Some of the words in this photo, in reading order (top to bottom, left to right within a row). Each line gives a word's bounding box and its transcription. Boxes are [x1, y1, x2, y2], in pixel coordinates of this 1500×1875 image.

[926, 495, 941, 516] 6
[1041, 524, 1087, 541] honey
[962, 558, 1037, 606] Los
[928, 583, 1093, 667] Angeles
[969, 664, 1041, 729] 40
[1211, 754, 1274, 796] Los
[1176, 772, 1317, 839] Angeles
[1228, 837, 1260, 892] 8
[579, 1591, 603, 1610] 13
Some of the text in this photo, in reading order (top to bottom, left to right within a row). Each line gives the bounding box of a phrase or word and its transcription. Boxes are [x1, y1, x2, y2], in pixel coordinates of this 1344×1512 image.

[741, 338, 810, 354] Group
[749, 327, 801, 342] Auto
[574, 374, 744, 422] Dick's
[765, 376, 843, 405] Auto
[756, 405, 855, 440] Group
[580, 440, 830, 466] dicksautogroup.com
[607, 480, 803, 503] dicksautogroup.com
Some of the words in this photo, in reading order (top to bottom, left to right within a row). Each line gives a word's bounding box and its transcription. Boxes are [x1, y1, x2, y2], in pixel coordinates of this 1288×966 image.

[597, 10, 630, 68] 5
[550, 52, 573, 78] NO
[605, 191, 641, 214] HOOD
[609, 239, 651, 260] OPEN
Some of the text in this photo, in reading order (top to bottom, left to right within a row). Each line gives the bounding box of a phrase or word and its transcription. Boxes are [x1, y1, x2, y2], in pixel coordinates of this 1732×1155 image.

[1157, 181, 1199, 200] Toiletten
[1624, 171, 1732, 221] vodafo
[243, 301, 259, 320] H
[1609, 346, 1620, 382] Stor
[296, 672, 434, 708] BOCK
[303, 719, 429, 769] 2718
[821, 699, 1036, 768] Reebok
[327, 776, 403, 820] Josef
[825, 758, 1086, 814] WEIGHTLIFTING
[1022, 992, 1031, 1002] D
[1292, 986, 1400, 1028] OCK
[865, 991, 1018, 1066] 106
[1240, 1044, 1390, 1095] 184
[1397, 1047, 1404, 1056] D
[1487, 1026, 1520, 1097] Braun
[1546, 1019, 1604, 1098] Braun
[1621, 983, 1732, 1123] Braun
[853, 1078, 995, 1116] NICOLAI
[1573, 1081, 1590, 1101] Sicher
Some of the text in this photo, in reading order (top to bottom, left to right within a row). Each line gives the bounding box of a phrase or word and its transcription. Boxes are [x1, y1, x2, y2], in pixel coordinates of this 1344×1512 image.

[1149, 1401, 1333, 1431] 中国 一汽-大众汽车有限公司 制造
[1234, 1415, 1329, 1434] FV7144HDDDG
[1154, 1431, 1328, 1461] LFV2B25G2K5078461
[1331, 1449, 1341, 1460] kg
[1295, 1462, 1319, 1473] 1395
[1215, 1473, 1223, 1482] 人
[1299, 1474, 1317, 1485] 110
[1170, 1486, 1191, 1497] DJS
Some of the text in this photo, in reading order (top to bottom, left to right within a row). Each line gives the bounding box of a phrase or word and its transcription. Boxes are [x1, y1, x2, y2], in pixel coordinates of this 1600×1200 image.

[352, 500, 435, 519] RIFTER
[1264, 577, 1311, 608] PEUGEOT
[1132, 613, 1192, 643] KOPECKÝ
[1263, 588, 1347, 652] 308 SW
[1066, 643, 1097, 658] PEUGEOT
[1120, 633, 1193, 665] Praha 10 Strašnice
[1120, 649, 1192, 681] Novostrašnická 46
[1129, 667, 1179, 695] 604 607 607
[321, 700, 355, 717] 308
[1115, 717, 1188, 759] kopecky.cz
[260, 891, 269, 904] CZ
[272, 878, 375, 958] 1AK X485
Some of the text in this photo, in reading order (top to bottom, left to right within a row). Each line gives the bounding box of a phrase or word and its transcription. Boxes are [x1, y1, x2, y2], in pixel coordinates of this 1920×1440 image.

________

ACTION ITEM: Copy out the data exactly, keeping each line whole.

SOLUTION FOR THIS PROBLEM:
Some of the words in this photo, in reading order (top to bottom, left to right within a row). Each line gives a word's bounding box and its transcription. Boxes are [x1, y1, x2, y2], in pixel coordinates of this 1500×1875 image.

[926, 495, 941, 516] 6
[1041, 524, 1087, 541] honey
[962, 558, 1037, 606] Los
[928, 583, 1093, 667] Angeles
[969, 664, 1041, 729] 40
[1211, 754, 1274, 796] Los
[1176, 772, 1317, 839] Angeles
[1228, 837, 1260, 892] 8
[579, 1591, 603, 1610] 13
Some of the text in this photo, in reading order (top to bottom, left to right within a row). Each line gives the bounding box of a phrase or word and its transcription. Boxes are [x1, y1, x2, y2], in pixel coordinates of this 1344×1512 image.

[741, 338, 810, 354] Group
[749, 327, 801, 342] Auto
[574, 374, 744, 422] Dick's
[765, 376, 843, 405] Auto
[756, 405, 855, 440] Group
[580, 440, 830, 466] dicksautogroup.com
[607, 480, 803, 503] dicksautogroup.com
Some of the words in this photo, in reading order (top to bottom, left to right within a row). Each line gives a word's bounding box and its transcription. Boxes are [x1, y1, x2, y2], in pixel coordinates of this 1288×966 image.

[597, 10, 630, 68] 5
[550, 52, 573, 78] NO
[605, 191, 641, 214] HOOD
[609, 239, 651, 260] OPEN
Some of the text in this photo, in reading order (top to bottom, left to right within a row). Each line gives the bounding box of a phrase or word and its transcription. Boxes are [x1, y1, x2, y2], in pixel coordinates of this 1732×1155 image.

[1157, 181, 1199, 200] Toiletten
[1624, 171, 1732, 221] vodafo
[243, 301, 259, 320] H
[1609, 346, 1620, 382] Stor
[296, 672, 434, 708] BOCK
[303, 719, 429, 769] 2718
[821, 699, 1036, 768] Reebok
[327, 776, 403, 820] Josef
[825, 758, 1086, 814] WEIGHTLIFTING
[1022, 992, 1031, 1002] D
[1292, 986, 1400, 1028] OCK
[865, 991, 1018, 1066] 106
[1240, 1044, 1390, 1095] 184
[1397, 1047, 1404, 1056] D
[1487, 1026, 1520, 1097] Braun
[1546, 1019, 1604, 1098] Braun
[1621, 983, 1732, 1123] Braun
[853, 1078, 995, 1116] NICOLAI
[1573, 1081, 1590, 1101] Sicher
Some of the text in this photo, in reading order (top to bottom, left to right within a row). Each line gives the bounding box of a phrase or word and its transcription. Boxes are [x1, y1, x2, y2], in pixel coordinates of this 1344×1512 image.

[1149, 1401, 1333, 1431] 中国 一汽-大众汽车有限公司 制造
[1234, 1415, 1329, 1434] FV7144HDDDG
[1154, 1431, 1328, 1461] LFV2B25G2K5078461
[1331, 1449, 1341, 1460] kg
[1295, 1462, 1319, 1473] 1395
[1215, 1473, 1223, 1482] 人
[1299, 1474, 1317, 1485] 110
[1170, 1486, 1191, 1497] DJS
Some of the text in this photo, in reading order (top to bottom, left to right within a row). Each line gives the bounding box of a phrase or word and its transcription. Boxes are [x1, y1, x2, y2], in pixel coordinates of this 1600×1200 image.

[352, 500, 435, 519] RIFTER
[1264, 577, 1311, 608] PEUGEOT
[1132, 613, 1192, 643] KOPECKÝ
[1263, 588, 1347, 652] 308 SW
[1066, 643, 1097, 658] PEUGEOT
[1120, 633, 1193, 665] Praha 10 Strašnice
[1120, 649, 1192, 681] Novostrašnická 46
[1129, 667, 1179, 695] 604 607 607
[321, 700, 355, 717] 308
[1115, 717, 1188, 759] kopecky.cz
[260, 891, 269, 904] CZ
[272, 878, 375, 958] 1AK X485
Some of the text in this photo, in reading order (top to bottom, left to right within a row). Each line gives the bounding box of a phrase or word and its transcription. Boxes are [x1, y1, x2, y2], in pixel coordinates of this 1920×1440 image.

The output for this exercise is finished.